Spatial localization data
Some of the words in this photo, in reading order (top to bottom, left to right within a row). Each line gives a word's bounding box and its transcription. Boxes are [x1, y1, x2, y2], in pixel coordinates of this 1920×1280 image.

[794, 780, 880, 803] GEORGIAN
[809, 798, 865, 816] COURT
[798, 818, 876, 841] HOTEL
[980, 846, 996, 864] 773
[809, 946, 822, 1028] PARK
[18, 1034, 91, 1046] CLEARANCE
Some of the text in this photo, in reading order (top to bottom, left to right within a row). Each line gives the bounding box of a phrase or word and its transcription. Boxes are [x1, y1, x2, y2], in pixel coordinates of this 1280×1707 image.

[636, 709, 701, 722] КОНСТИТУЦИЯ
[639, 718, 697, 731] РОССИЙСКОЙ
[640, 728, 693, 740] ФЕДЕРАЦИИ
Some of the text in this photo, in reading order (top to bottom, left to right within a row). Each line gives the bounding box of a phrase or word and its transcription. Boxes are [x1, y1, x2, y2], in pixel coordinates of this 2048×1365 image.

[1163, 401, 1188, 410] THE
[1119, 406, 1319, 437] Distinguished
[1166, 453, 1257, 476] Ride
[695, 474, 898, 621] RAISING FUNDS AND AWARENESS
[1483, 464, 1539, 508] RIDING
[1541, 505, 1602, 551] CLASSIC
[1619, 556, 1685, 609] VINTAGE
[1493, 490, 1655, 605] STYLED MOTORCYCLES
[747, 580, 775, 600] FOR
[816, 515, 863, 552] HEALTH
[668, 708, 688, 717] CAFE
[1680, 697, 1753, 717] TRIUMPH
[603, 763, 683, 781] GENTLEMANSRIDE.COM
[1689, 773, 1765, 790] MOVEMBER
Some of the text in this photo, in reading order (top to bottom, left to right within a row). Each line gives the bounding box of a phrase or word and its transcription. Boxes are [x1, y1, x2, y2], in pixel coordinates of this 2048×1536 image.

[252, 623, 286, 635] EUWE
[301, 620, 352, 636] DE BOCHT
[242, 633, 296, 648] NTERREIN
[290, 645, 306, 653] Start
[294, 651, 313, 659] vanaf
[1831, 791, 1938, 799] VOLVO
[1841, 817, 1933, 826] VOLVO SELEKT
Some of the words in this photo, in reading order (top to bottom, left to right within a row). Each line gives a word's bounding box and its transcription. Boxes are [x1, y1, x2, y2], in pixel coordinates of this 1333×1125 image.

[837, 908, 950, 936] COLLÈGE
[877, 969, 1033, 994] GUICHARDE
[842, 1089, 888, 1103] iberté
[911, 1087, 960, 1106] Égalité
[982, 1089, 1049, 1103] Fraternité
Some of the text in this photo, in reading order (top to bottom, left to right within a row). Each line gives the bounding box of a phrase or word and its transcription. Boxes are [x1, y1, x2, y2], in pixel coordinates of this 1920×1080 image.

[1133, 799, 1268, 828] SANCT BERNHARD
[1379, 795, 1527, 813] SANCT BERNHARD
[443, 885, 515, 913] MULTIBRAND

Problem requirements: Each record above needs to be reproduced exactly as written.

Your response:
Some of the words in this photo, in reading order (top to bottom, left to right within a row). Each line gives a word's bounding box and its transcription. Boxes are [x1, y1, x2, y2], in pixel coordinates of this 1920×1280 image.

[794, 780, 880, 803] GEORGIAN
[809, 798, 865, 816] COURT
[798, 818, 876, 841] HOTEL
[980, 846, 996, 864] 773
[809, 946, 822, 1028] PARK
[18, 1034, 91, 1046] CLEARANCE
Some of the text in this photo, in reading order (top to bottom, left to right within a row). Each line gives the bounding box of a phrase or word and its transcription. Boxes are [x1, y1, x2, y2], in pixel coordinates of this 1280×1707 image.

[636, 709, 701, 722] КОНСТИТУЦИЯ
[639, 718, 697, 731] РОССИЙСКОЙ
[640, 728, 693, 740] ФЕДЕРАЦИИ
Some of the text in this photo, in reading order (top to bottom, left to right within a row). Each line gives the bounding box of a phrase or word and its transcription. Boxes are [x1, y1, x2, y2], in pixel coordinates of this 2048×1365 image.

[1163, 401, 1188, 410] THE
[1119, 406, 1319, 437] Distinguished
[1166, 453, 1257, 476] Ride
[695, 474, 898, 621] RAISING FUNDS AND AWARENESS
[1483, 464, 1539, 508] RIDING
[1541, 505, 1602, 551] CLASSIC
[1619, 556, 1685, 609] VINTAGE
[1493, 490, 1655, 605] STYLED MOTORCYCLES
[747, 580, 775, 600] FOR
[816, 515, 863, 552] HEALTH
[668, 708, 688, 717] CAFE
[1680, 697, 1753, 717] TRIUMPH
[603, 763, 683, 781] GENTLEMANSRIDE.COM
[1689, 773, 1765, 790] MOVEMBER
Some of the text in this photo, in reading order (top to bottom, left to right within a row). Each line gives the bounding box of a phrase or word and its transcription. Boxes are [x1, y1, x2, y2], in pixel coordinates of this 2048×1536 image.

[252, 623, 286, 635] EUWE
[301, 620, 352, 636] DE BOCHT
[242, 633, 296, 648] NTERREIN
[290, 645, 306, 653] Start
[294, 651, 313, 659] vanaf
[1831, 791, 1938, 799] VOLVO
[1841, 817, 1933, 826] VOLVO SELEKT
Some of the words in this photo, in reading order (top to bottom, left to right within a row). Each line gives a word's bounding box and its transcription. Boxes are [x1, y1, x2, y2], in pixel coordinates of this 1333×1125 image.

[837, 908, 950, 936] COLLÈGE
[877, 969, 1033, 994] GUICHARDE
[842, 1089, 888, 1103] iberté
[911, 1087, 960, 1106] Égalité
[982, 1089, 1049, 1103] Fraternité
Some of the text in this photo, in reading order (top to bottom, left to right within a row). Each line gives the bounding box of a phrase or word and its transcription. Boxes are [x1, y1, x2, y2], in pixel coordinates of this 1920×1080 image.

[1133, 799, 1268, 828] SANCT BERNHARD
[1379, 795, 1527, 813] SANCT BERNHARD
[443, 885, 515, 913] MULTIBRAND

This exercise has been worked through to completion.